Um túnel de 1,8 quilômetro cavado embaixo de Chancay – em alguns pontos a uma profundidade de 900 metros – ligará o quebra-mar a um centro de logística e à via expressa pan-americana sem afetar o tráfego na cidade.
A carga conseguirá chegar do Peru à China em 10 dias, em vez dos 45 atuais. E prevê-se que o Brasil também será um beneficiário do porto, que possibilitará um acesso mais rápido aos mercados asiáticos aos produtos exportados pelo país. O Brasil e o Peru são ligados pela Rodovia Interoceânica Sul que passa pelos polos agrícolas brasileiros de Acre e Rondônia.
“Há toda uma área do Brasil muito mais voltada para o Pacífico do que para o Atlântico”, diz Ríos Polastri. “Chancay tem muitas vantagens do ponto de vista do Peru, e uma delas é que é o porto mais próximo ao Brasil. Esse é um incentivo a mais para o comércio exterior.”
A inauguração do megaporto está prevista para o fim do ano que vem, quando o presidente da China, Xi Jinping, participará da cúpula da Cooperação Econômica Ásia-Pacífico (Apec, nas iniciais em inglês), a realizar-se no Peru. Cosco diz que o porto acabará se expandindo. “O projeto principal é ele ter 15 quebra-mares, embora não haja cronograma, pelo fato de termos de ver como o porto vai operar nos primeiros anos”, explica Ríos Polastri.

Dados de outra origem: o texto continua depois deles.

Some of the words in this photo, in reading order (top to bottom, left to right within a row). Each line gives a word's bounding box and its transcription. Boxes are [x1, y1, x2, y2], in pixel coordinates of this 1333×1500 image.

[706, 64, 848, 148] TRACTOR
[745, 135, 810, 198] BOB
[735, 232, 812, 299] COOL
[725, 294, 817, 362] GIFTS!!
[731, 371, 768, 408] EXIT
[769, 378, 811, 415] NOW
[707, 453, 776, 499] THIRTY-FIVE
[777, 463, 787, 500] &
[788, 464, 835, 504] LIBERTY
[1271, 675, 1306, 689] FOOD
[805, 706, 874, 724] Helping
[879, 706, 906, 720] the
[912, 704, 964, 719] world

Mas, apesar das vantagens comerciais que, segundo autoridades, o porto proporcionará ao Peru, alguns observadores – entre os quais autoridades americanas – manifestaram preocupação de que ele poderá aumentar a influência chinesa sobre a infraestrutura do país.
Mario de las Casas, diretor de comunicação social da Cosco Shipping Ports Chancay Peru, diz que a legislação peruana proíbe o uso do porto para fins militares sem aprovação prévia do Executivo ou do Congresso. “Sem essa pré-aprovação, qualquer ingresso desse gênero será equivalente a uma invasão, independentemente da propriedade do terminal”, observa.
Algumas pessoas da população local criticaram o caos causado pela construção, também, embora os eleitores tenham eleito em janeiro, por esmagadora maioria, um prefeito abertamente favorável ao projeto. “Acho que esse é um bom barômetro para situar a população em termos de aceitação do porto”, sugere Ríos Polastri.
O governo peruano diz que o porto impulsionará a economia local, e as incorporadoras locais estão esperançosas. Ao longo da rodovia que leva a Chancay, outdoors divulgam a venda de projetos imobiliários ainda não construídos. “Há, na área, seis fábricas de farinha de peixe e uma frota de cerca de 70 barcos de pesca industrial que são a maior fonte de trabalho em Chancay”, diz Raúl Pérez-Reyes, o ministro dos Transportes do Peru. “O projeto dá margem à possibilidade de fazer remessas diretas ao exterior.”
Pérez-Reyes acrescenta que, embora o porto será operado por empresas privadas, o governo vai monitorar seu cumprimento da regulamentação de segurança e ambiental. Postos de polícia e alfandegário serão construídos no local.
“O governo encara o desenvolvimento de portos em nível nacional de uma maneira abrangente, com um esforço de fornecer acesso rodoviário ou ferroviário, bem como a infraestrutura logística”, diz o ministro. “Esses tipos de investimento permitem que os portos operem com mais eficiência.”
O Congresso estuda um projeto de lei que, se aprovado, dará margem a operações de cabotagem – para o transporte de carga entre portos peruanos antes de chegar à terra —, a fim de reduzir o tráfego em torno do porto.
Ríos Polastri diz que Chancay poderá abrir o caminho para projetos de infraestrutura privados semelhantes no Peru, o que facilitará o avanço ao contornar atritos entre os setores púbico e privado. A constituição descentralizada do país determina que os projetos de infraestrutura provinciais sejam contratados e administrados pelo governo municipal.